[What to produce]
What you return must be exactly the lines running from the one with "this 1280×1706 image." to the end of the data below, inclusive, and nothing more.

[Source data]
##########
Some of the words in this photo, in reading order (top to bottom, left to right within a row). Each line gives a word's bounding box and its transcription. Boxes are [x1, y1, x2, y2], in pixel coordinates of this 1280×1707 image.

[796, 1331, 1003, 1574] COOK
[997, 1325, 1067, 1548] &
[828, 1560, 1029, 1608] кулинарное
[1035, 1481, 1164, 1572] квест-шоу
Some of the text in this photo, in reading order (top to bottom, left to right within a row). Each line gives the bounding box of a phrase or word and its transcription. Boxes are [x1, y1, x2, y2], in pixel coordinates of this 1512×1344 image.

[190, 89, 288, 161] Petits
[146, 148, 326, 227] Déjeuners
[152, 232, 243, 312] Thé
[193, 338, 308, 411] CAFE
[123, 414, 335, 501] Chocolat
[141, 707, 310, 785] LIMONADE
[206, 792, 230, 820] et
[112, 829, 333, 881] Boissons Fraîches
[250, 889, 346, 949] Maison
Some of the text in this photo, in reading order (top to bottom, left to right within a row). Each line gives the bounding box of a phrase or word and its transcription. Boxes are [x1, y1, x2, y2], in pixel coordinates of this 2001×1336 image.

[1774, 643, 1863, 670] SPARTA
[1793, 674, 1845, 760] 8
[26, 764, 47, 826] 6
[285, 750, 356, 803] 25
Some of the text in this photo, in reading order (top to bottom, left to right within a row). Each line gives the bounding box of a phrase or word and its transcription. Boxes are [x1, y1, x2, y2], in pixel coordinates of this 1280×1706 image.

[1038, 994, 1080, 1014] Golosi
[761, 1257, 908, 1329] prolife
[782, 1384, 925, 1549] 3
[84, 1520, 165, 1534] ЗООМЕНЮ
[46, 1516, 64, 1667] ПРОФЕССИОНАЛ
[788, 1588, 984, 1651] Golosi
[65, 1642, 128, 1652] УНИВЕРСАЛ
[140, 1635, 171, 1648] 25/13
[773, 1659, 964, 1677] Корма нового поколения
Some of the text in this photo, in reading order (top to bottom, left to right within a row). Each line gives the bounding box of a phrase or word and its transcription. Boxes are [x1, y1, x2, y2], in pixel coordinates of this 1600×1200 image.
##########
[Problem solution]
Some of the text in this photo, in reading order (top to bottom, left to right within a row). Each line gives the bounding box of a phrase or word and its transcription. Boxes are [x1, y1, x2, y2], in pixel coordinates of this 1280×1706 image.

[1038, 994, 1080, 1014] Golosi
[761, 1257, 908, 1329] prolife
[782, 1384, 925, 1549] 3
[84, 1520, 165, 1534] ЗООМЕНЮ
[46, 1516, 64, 1667] ПРОФЕССИОНАЛ
[788, 1588, 984, 1651] Golosi
[65, 1642, 128, 1652] УНИВЕРСАЛ
[140, 1635, 171, 1648] 25/13
[773, 1659, 964, 1677] Корма нового поколения
Some of the text in this photo, in reading order (top to bottom, left to right within a row). Each line gives the bounding box of a phrase or word and its transcription. Boxes are [x1, y1, x2, y2], in pixel coordinates of this 1600×1200 image.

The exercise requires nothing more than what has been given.